In our last blog post, we defined what’s becoming an increasingly popular form of fundraising, the matching campaign. We also discussed how to safeguard yourself as a donor and ensure you’re giving to a legitimate matching campaign and even how to plan your giving around matching campaigns.
Here, we’re drilling down a bit further to address a few common concerns and misperceptions about matching campaigns, starting with how you can go about asking a charity to verify that there’s an actual matching donor, given the likelihood that most matching donors won’t want their identities disclosed.

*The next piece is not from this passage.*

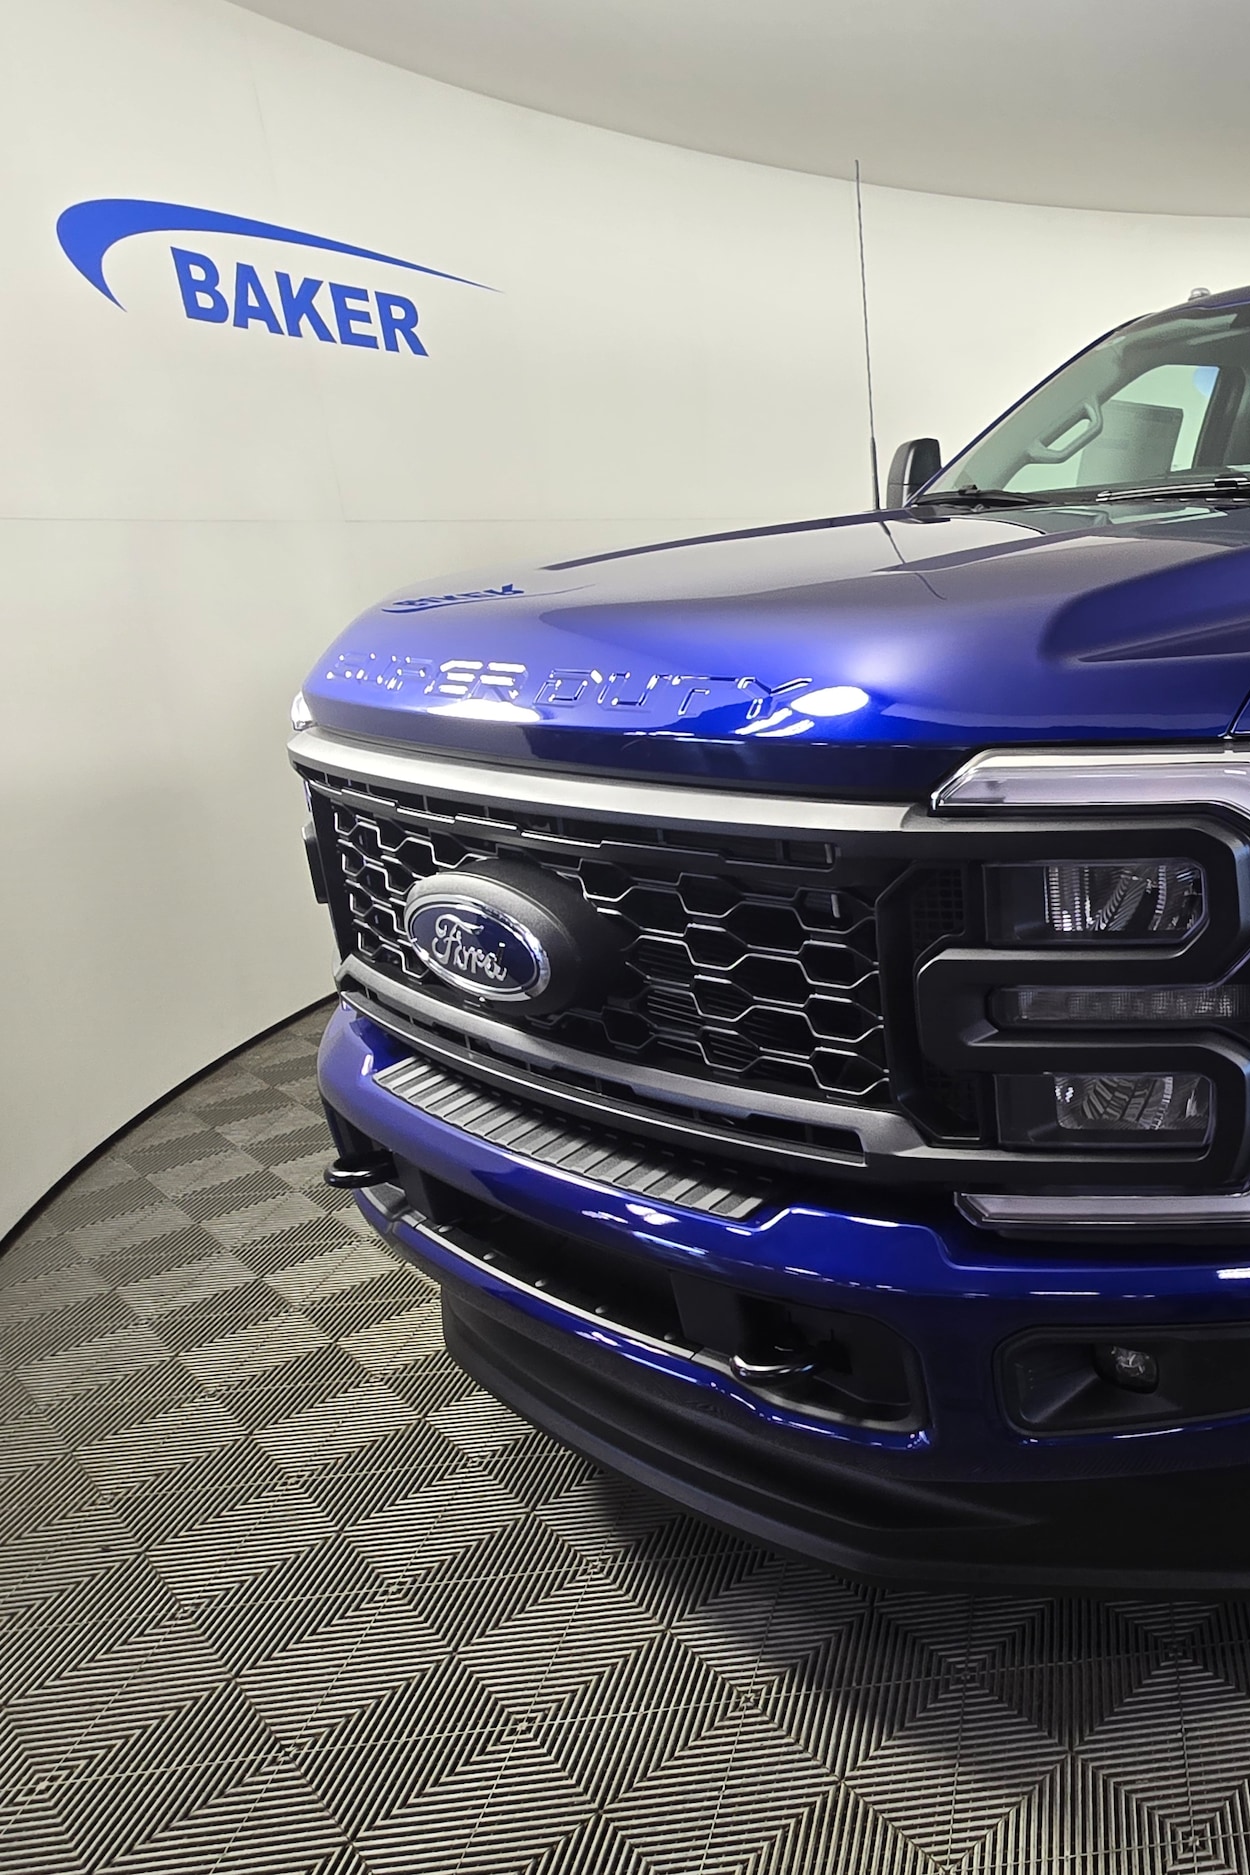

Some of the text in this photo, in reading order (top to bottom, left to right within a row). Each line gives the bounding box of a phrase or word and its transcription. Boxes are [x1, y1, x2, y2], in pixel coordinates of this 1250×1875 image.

[170, 246, 430, 357] BAKER
[325, 652, 812, 720] SUPER DUTY
[431, 913, 508, 982] Ford

As we mentioned in our previous post, it’s always a good idea to open a line of communication with a charity. Yes, they’re probably not going to tell you who the donor is, but they should be able to tell you enough about them and their intentions for the campaign to establish a sufficient amount of transparency and, ultimately, trust.
If you want to steer that conversation, here are some questions you could ask:
What’s the match goal amount?
When do you need to raise it by?
What do you plan to do with the funds, assuming you meet the goal in time?
What portion of my donation is being matched, exactly?
Are match campaigns just a ploy?
It’s easy to view all of this with a cynical eye. The mysterious match donor and urgent timeframe are really just ploys to drive donations. In the end, there’s no way the match donor’s not going to come through, right? It depends.
The pledge agreement—which is a legally-binding document—that the match donor signs with the charity at the start of all of this can leave a little wiggle room, but not much. If the match amount isn’t raised in time, the agreement may give the match donor the option to reduce the amount of their final contribution. But it’s at the donor’s discretion. Some may only be interested in funding a match campaign.
How does a crowd-funded match campaign work?
The mechanics work a little differently than they do with a conventional match campaign, but crowd-funded match campaigns work on the same principles.
For a crowd-funded match campaign, a charity should send you a letter, by mail or email, asking you to make what’s called a leadership gift to establish a match fund that inspires other donors in a future conventional match campaign. In such cases, you and your peers function as the collective match donor.
Your donations, in turn, will be put into a match fund that can only be used for future matches. The charity should provide you and your fellow donors with a timeframe for when they expect the donations to be used in an appeal, along with, ideally, occasional progress reports on the campaign.
It’s also worth noting that once you donate to the match fund, you shouldn’t be asked to contribute to the campaign. Your work is done.